Apart from the pictures, every line below needs to be reproduced verbatim.

****

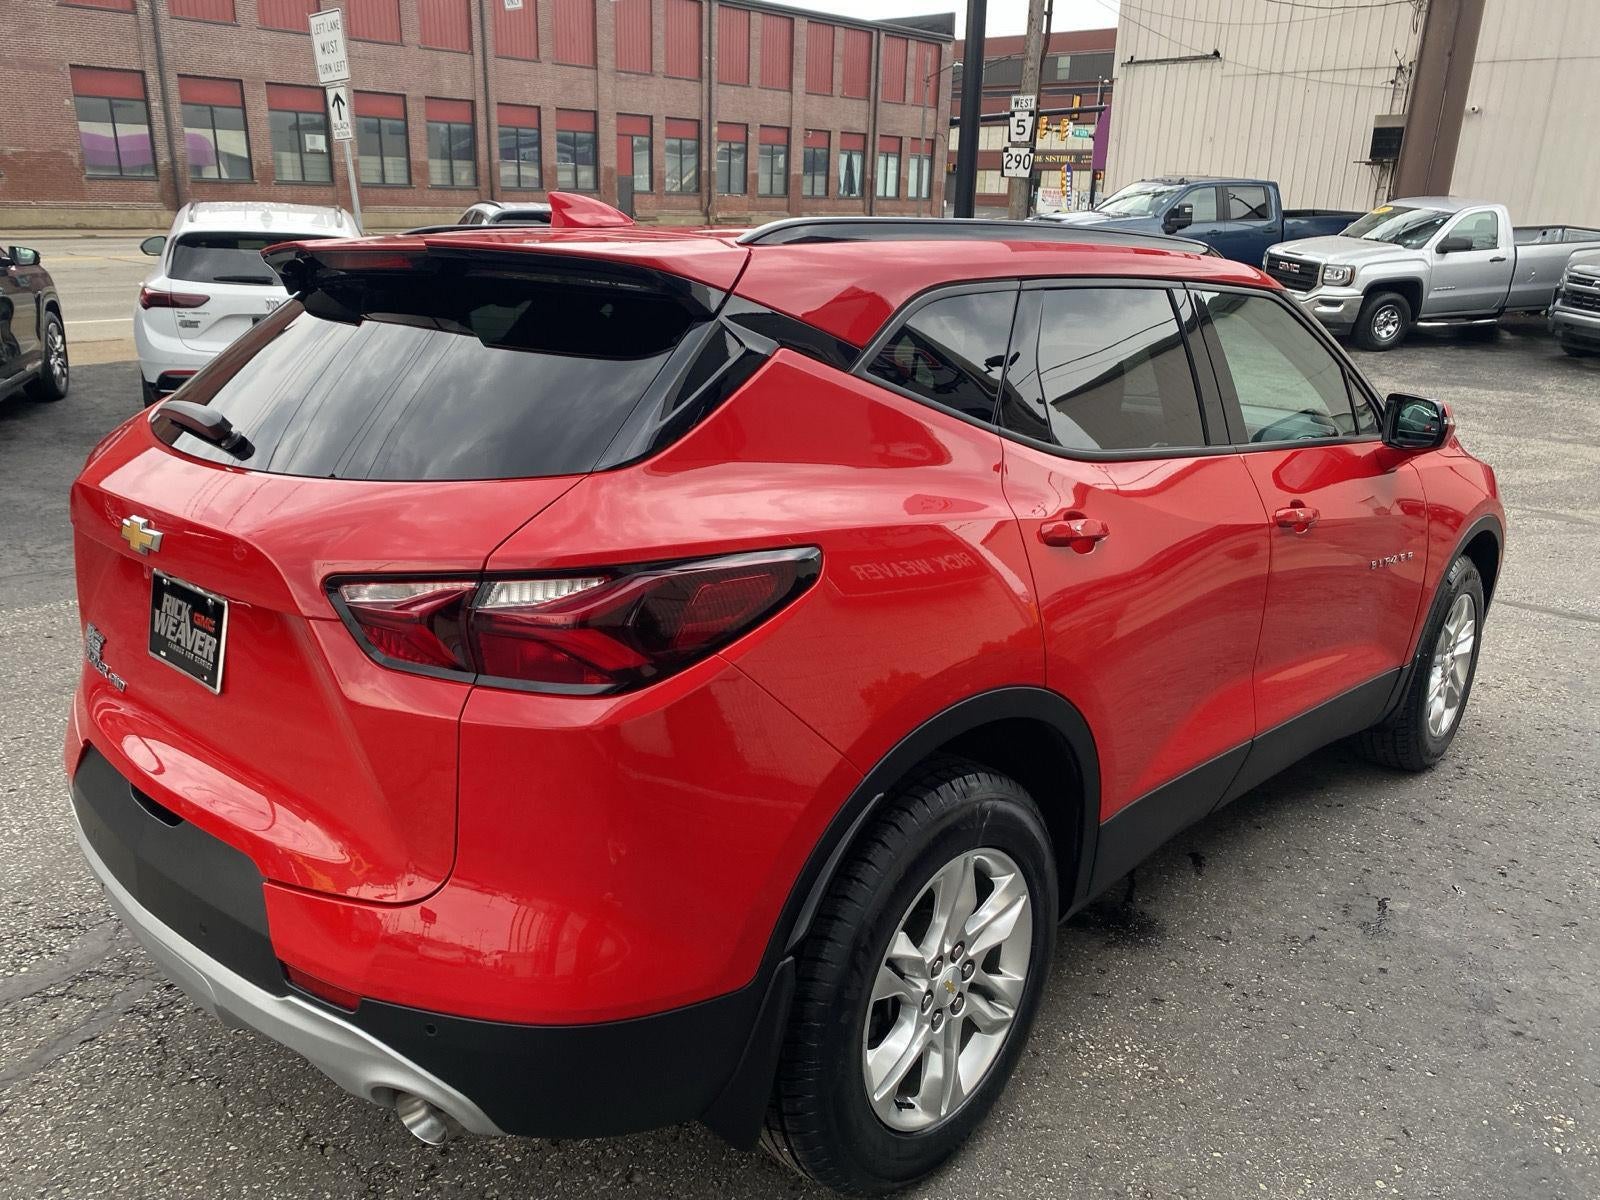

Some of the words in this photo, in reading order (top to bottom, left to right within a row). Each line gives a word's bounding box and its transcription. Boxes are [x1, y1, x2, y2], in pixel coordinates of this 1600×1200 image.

[313, 22, 326, 36] LEFT
[326, 19, 341, 32] LANE
[320, 39, 339, 56] MUST
[319, 63, 333, 76] TURN
[333, 60, 347, 73] LEFT
[1013, 97, 1034, 109] WEST
[1015, 119, 1026, 136] 5
[1004, 153, 1031, 170] 290
[1279, 261, 1300, 273] GMC
[162, 593, 192, 624] RICK
[194, 612, 215, 632] GMC
[154, 608, 217, 663] WEAVER

****

Answer box ->
Some of the words in this photo, in reading order (top to bottom, left to right within a row). Each line gives a word's bounding box and its transcription. Boxes are [x1, y1, x2, y2], in pixel coordinates of this 1600×1200 image.

[313, 22, 326, 36] LEFT
[326, 19, 341, 32] LANE
[320, 39, 339, 56] MUST
[319, 63, 333, 76] TURN
[333, 60, 347, 73] LEFT
[1013, 97, 1034, 109] WEST
[1015, 119, 1026, 136] 5
[1004, 153, 1031, 170] 290
[1279, 261, 1300, 273] GMC
[162, 593, 192, 624] RICK
[194, 612, 215, 632] GMC
[154, 608, 217, 663] WEAVER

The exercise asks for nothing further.